Task description:
Leave out the pictures and restate every entry word for word.

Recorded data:
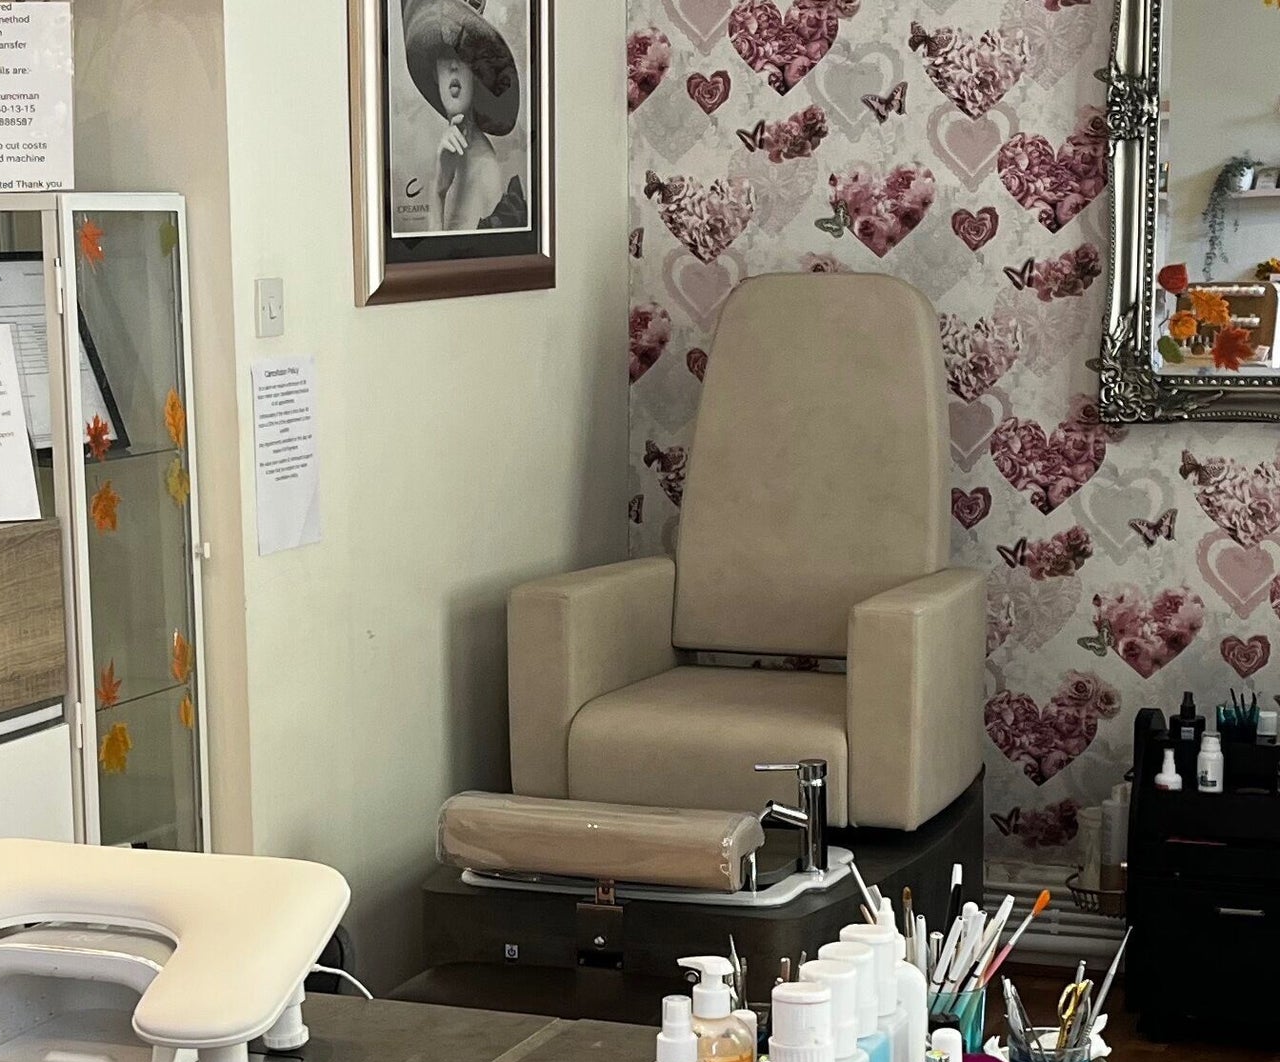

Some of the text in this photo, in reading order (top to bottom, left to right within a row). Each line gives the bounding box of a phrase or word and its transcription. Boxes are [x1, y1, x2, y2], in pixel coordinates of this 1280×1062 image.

[5, 142, 20, 150] cut
[22, 142, 47, 150] costs
[6, 154, 45, 163] machine
[16, 180, 43, 189] Thank
[46, 180, 62, 189] you
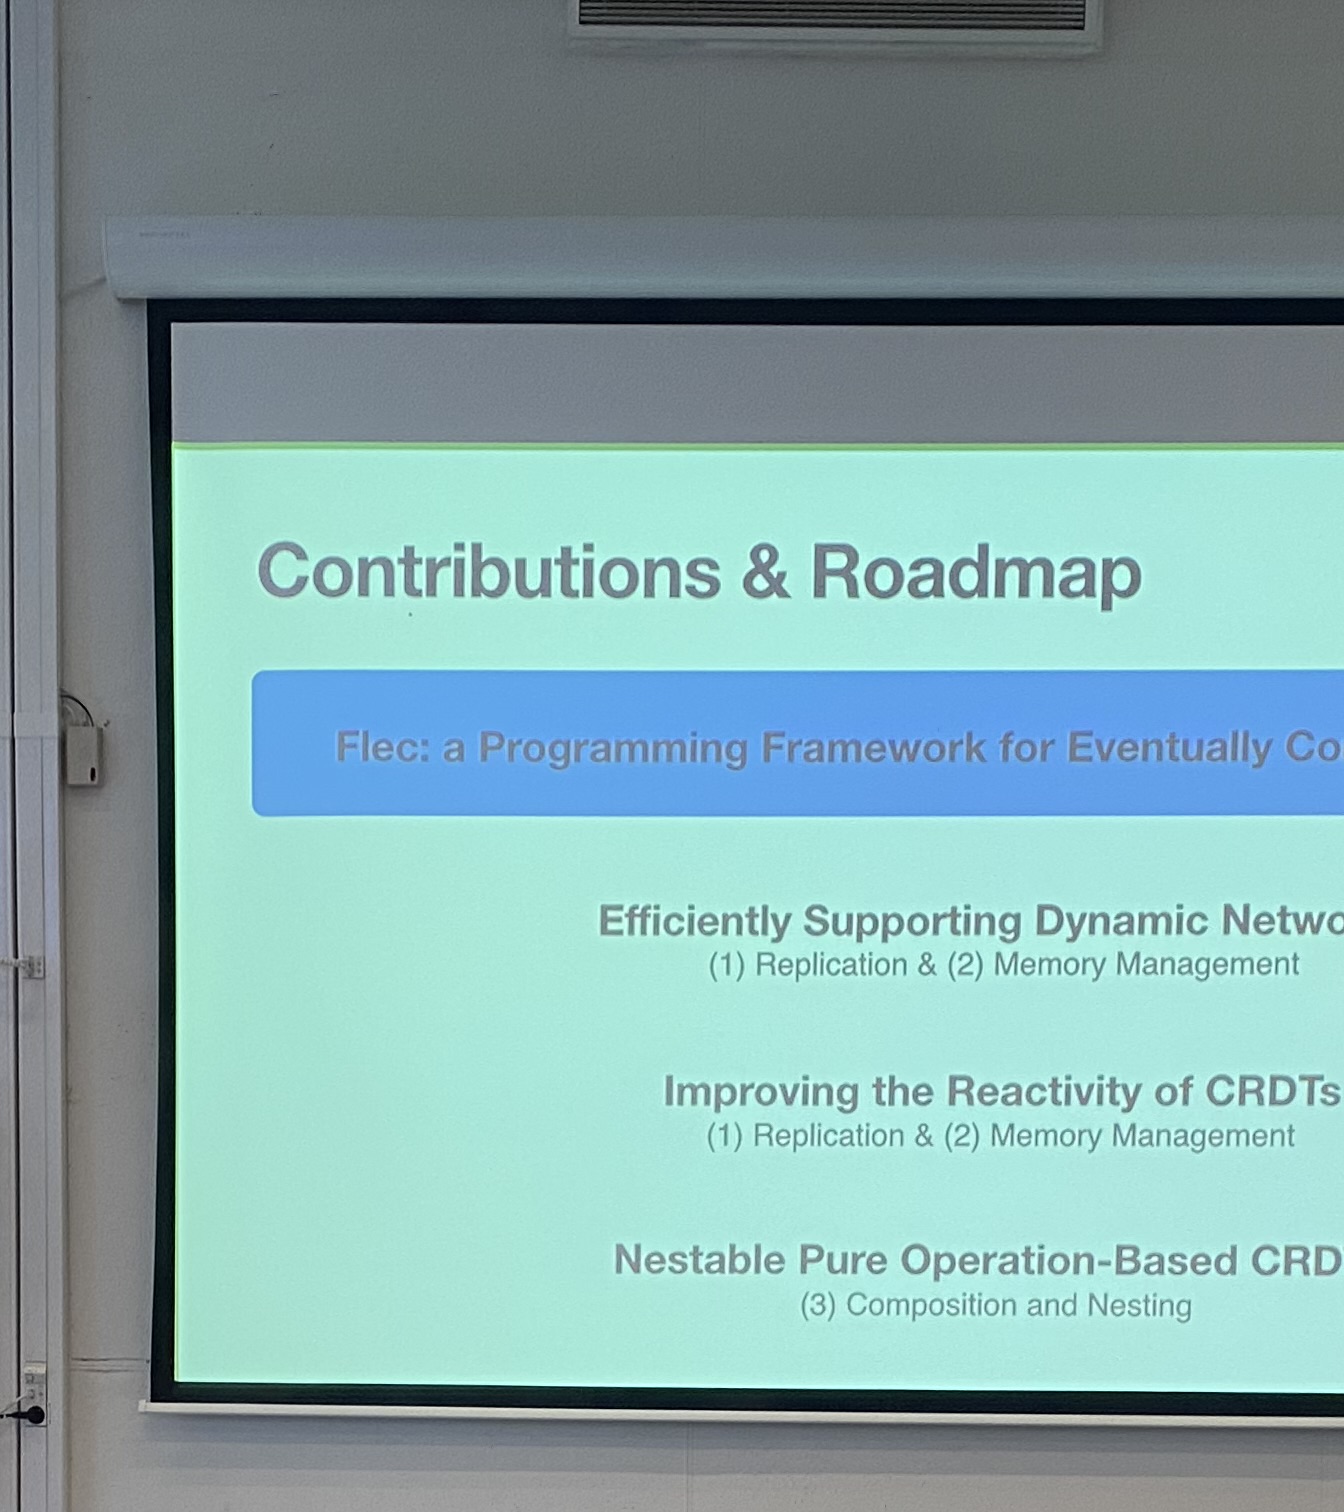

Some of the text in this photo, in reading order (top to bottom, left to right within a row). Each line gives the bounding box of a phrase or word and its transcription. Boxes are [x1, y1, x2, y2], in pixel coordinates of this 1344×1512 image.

Task output:
Some of the text in this photo, in reading order (top to bottom, left to right within a row). Each line gives the bounding box of a phrase or word and its transcription. Boxes are [x1, y1, x2, y2], in pixel coordinates of this 1280×1062 image.

[5, 142, 20, 150] cut
[22, 142, 47, 150] costs
[6, 154, 45, 163] machine
[16, 180, 43, 189] Thank
[46, 180, 62, 189] you

Some of the text in this photo, in reading order (top to bottom, left to right within a row). Each line gives the bounding box of a phrase or word and its transcription. Boxes are [x1, y1, x2, y2], in pixel coordinates of this 1344×1512 image.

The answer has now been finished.